Ce qui voulait dire:

«Je l’ai apporté, ou apporté moi-même

Marguerite rendit sa révérence au jeune duc, et, en se relevant, laissa tomber cette réponse:

– Noctu pro more. Ce qui signifiait: «Cette nuit comme d’habitude.» Ces douces paroles, absorbées par l’énorme collet goudronné de la princesse comme par l’enroulement d’un porte-voix, ne furent entendues que de la personne à laquelle on les adressait; mais si court qu’eût été le dialogue, sans doute il embrassait tout ce que les deux jeunes gens avaient à se dire, car après cet échange de deux mots contre trois, ils se séparèrent, Marguerite le front plus rêveur, et le duc le front plus radieux qu’avant qu’ils se fussent rapprochés. Cette petite scène avait eu lieu sans que l’homme le plus intéressé à la remarquer eût paru y faire la moindre attention, car, de son côté, le roi de Navarre n’avait d’yeux que pour une seule personne qui rassemblait autour d’elle une cour presque aussi nombreuse que Marguerite de Valois, cette personne était la belle madame de Sauve.
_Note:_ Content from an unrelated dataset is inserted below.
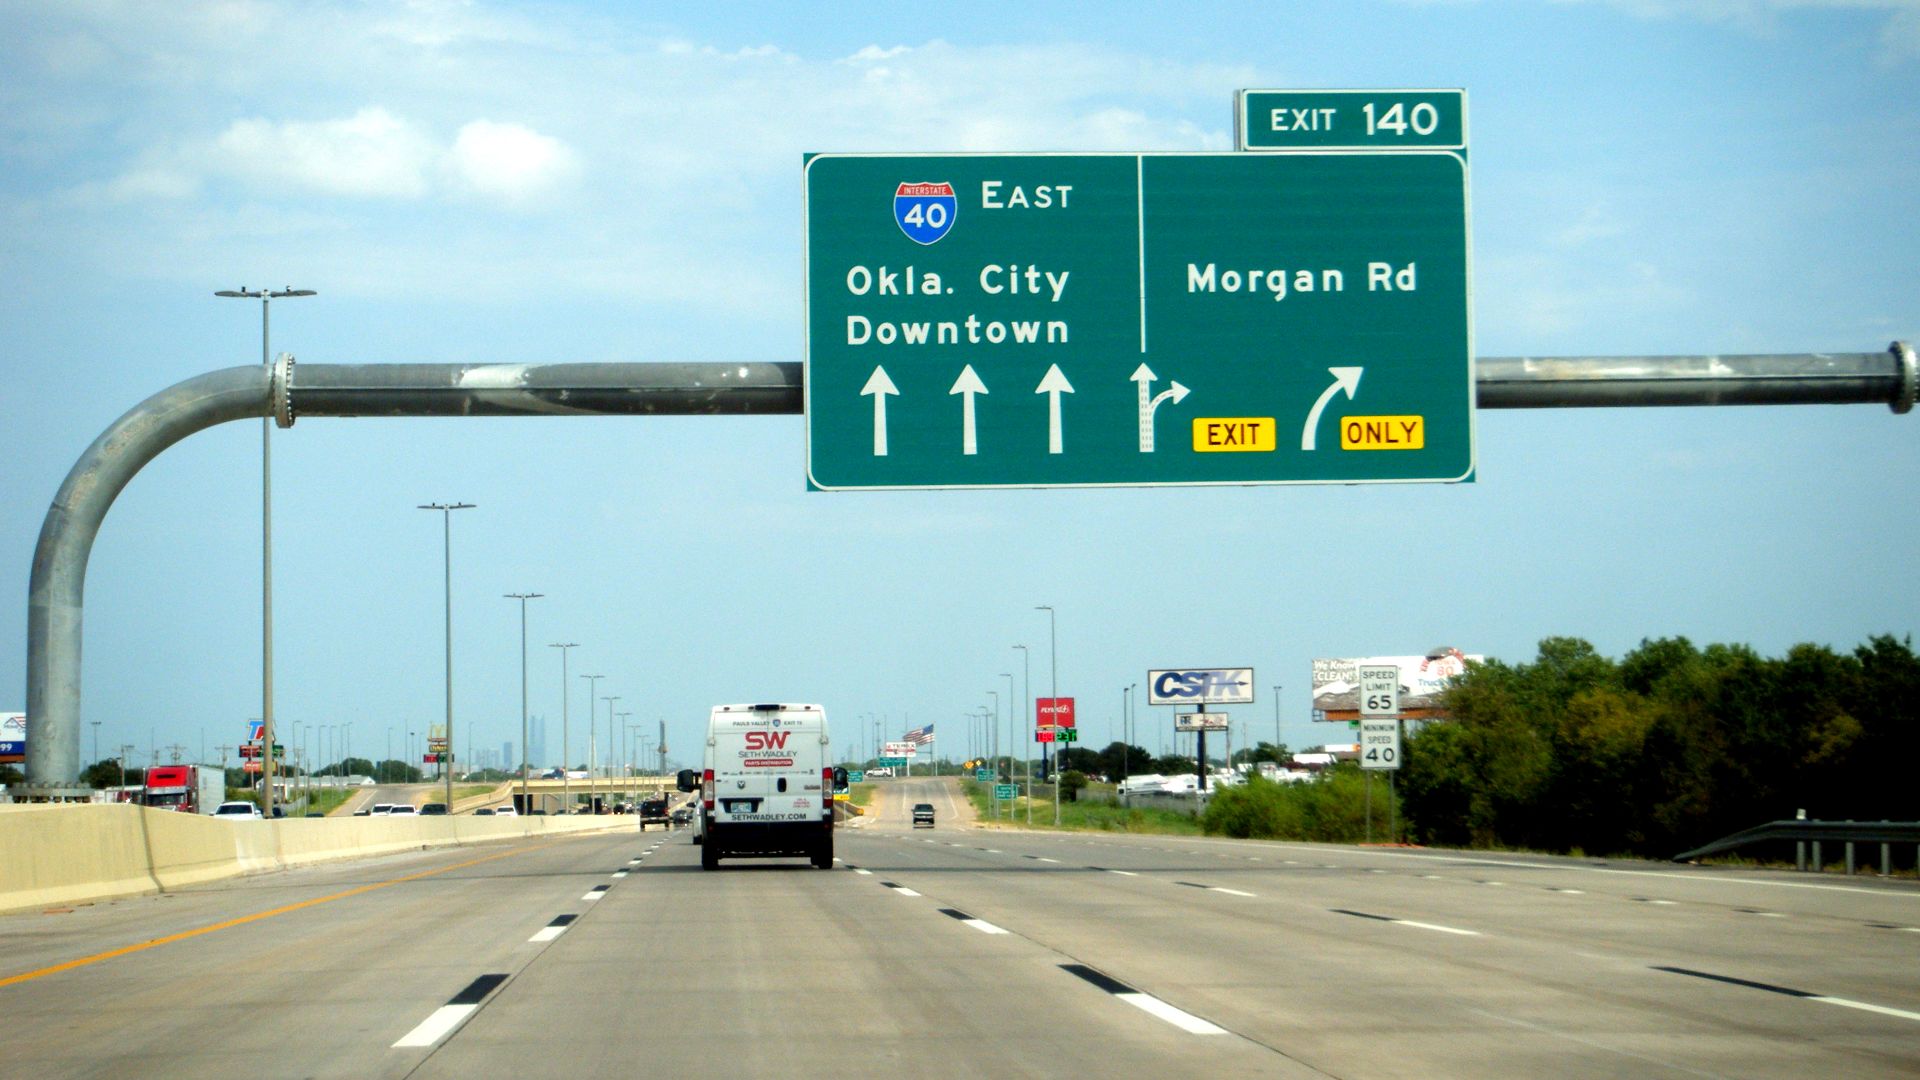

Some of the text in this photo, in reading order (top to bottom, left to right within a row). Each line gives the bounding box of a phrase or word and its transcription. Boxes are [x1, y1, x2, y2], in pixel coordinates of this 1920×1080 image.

Charlotte de Beaune-Semblançay, petite-fille du malheureux Semblançay et femme de Simon de Fizes, baron de Sauve, était une des dames d’atours de Catherine de Médicis, et l’une des plus redoutables auxiliaires de cette reine, qui versait à ses ennemis le philtre de l’amour quand elle n’osait leur verser le poison florentin; petite, blonde, tour à tour pétillante de vivacité ou languissante de mélancolie, toujours prête à l’amour et à l’intrigue, les deux grandes affaires qui, depuis cinquante ans, occupaient la cour des trois rois qui s’étaient succédé; femme dans toute l’acception du mot et dans tout le charme de la chose, depuis l’œil bleu languissant ou brillant de flammes jusqu’aux petits pieds mutins et cambrés dans leurs mules de velours, madame de Sauve s’était, depuis quelques mois déjà, emparée de toutes les facultés du roi de Navarre, qui débutait alors dans la carrière amoureuse comme dans la carrière politique; si bien que Marguerite de Navarre, beauté magnifique et royale, n’avait même plus trouvé l’admiration au fond du cœur de son époux; et, chose étrange et qui étonnait tout le monde, même de la part de cette âme pleine de ténèbres et de mystères, c’est que Catherine de Médicis, tout en poursuivant son projet d’union entre sa fille et le roi de Navarre, n’avait pas discontinué de favoriser presque ouvertement les amours de celui-ci avec madame de Sauve. Mais malgré cette aide puissante et en dépit des mœurs faciles de l’époque, la belle Charlotte avait résisté jusque-là; et de cette résistance inconnue, incroyable, inouïe, plus encore que de la beauté et de l’esprit de celle qui résistait, était née dans le cœur du Béarnais une passion qui, ne pouvant se satisfaire, s’était repliée sur elle-même et avait dévoré dans le cœur du jeune roi la timidité, l’orgueil et jusqu’à cette insouciance, moitié philosophique, moitié paresseuse, qui faisait le fond de son caractère.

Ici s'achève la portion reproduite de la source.